__WHAT THIS TASK INVOLVES__
The lines from the one containing "Some of the text" through the final line of the data below must be written out exactly, both included, and nothing more.

*** Opening of DATASET RECORDS ***

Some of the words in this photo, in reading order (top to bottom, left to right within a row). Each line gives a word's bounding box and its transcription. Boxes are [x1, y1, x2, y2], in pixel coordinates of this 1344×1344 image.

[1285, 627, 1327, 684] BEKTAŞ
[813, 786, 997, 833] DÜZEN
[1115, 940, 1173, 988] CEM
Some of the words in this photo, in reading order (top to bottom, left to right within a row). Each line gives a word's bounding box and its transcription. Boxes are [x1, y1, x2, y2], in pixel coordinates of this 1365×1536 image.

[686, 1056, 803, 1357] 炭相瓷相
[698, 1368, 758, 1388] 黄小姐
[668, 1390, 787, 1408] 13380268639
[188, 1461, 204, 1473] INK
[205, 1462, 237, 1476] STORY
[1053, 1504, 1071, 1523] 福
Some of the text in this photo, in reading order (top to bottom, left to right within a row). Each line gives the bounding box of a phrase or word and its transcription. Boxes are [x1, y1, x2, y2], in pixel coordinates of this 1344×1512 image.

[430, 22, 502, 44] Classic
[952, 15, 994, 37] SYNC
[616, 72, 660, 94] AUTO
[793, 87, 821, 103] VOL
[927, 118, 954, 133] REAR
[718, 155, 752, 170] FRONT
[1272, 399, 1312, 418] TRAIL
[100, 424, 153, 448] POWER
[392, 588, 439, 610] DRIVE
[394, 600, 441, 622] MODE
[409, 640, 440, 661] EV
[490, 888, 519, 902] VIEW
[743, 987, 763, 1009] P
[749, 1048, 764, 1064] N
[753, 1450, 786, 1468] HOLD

*** Close of DATASET RECORDS ***

__REPLY TO THE EXERCISE__
Some of the text in this photo, in reading order (top to bottom, left to right within a row). Each line gives the bounding box of a phrase or word and its transcription. Boxes are [x1, y1, x2, y2], in pixel coordinates of this 1344×1512 image.

[430, 22, 502, 44] Classic
[952, 15, 994, 37] SYNC
[616, 72, 660, 94] AUTO
[793, 87, 821, 103] VOL
[927, 118, 954, 133] REAR
[718, 155, 752, 170] FRONT
[1272, 399, 1312, 418] TRAIL
[100, 424, 153, 448] POWER
[392, 588, 439, 610] DRIVE
[394, 600, 441, 622] MODE
[409, 640, 440, 661] EV
[490, 888, 519, 902] VIEW
[743, 987, 763, 1009] P
[749, 1048, 764, 1064] N
[753, 1450, 786, 1468] HOLD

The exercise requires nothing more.